CRA ruling appears to accept that partnership loss or income can be allocated disproportionately to the capital accounts
In order to be allocated a portion of the losses of a partially-owned subsidiary, the subsidiary will roll its business into a newly-formed subsidiary LP for Class A units, and the majority shareholder then will fund the LP's need for additional capital by subscribing directly for Class B units with the same per-unit income entitlement. Although the ruling letter is ambiguously drafted on the point, CRA appears to have accepted that loss (or income) will be allocated between the Class A and B unitholders in proportion to their respective number of units, even though capital distributions (i.e., in excess of income) can be made disproportionately on the Class A and B units.
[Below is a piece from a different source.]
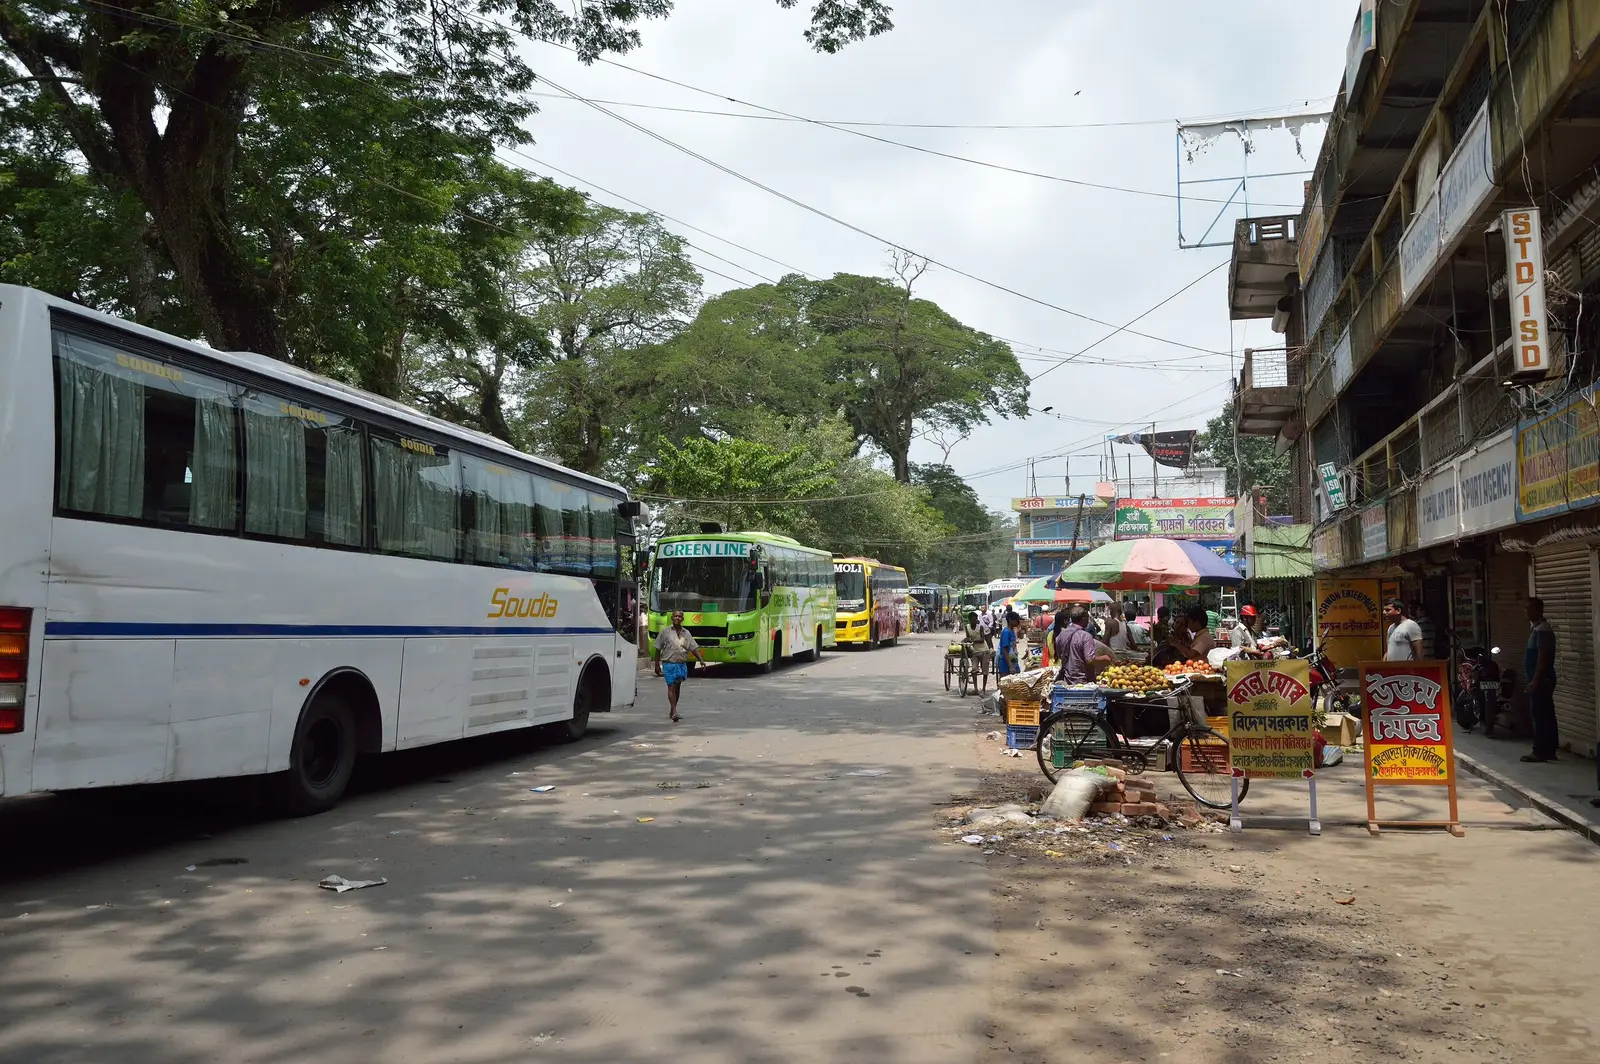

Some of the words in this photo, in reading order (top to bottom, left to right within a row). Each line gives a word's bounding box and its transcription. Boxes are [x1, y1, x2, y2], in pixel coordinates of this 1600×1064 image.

CRA found that a non-profit organization, which had made a significant investment in a taxable corporation and which paid substantial management fees to its non-profit sole member corporation, was almost certainly ineligible for the s. 149(1)(l) exemption. The management fees, which were well in excess of any management costs of the sole member, were treated effectively as profit distributions for the benefit of the member - and it was irrelevant that the member itself was an NPO.
CRA's conclusion is consistent with other recent positions it has taken pursuant to its "NPO project," which are based inter alia on CRA's position that Woodward's establishes that "if the objectives of the organization cannot be achieved without the making of a profit, then the organization must be organized and operated for the purpose of profit."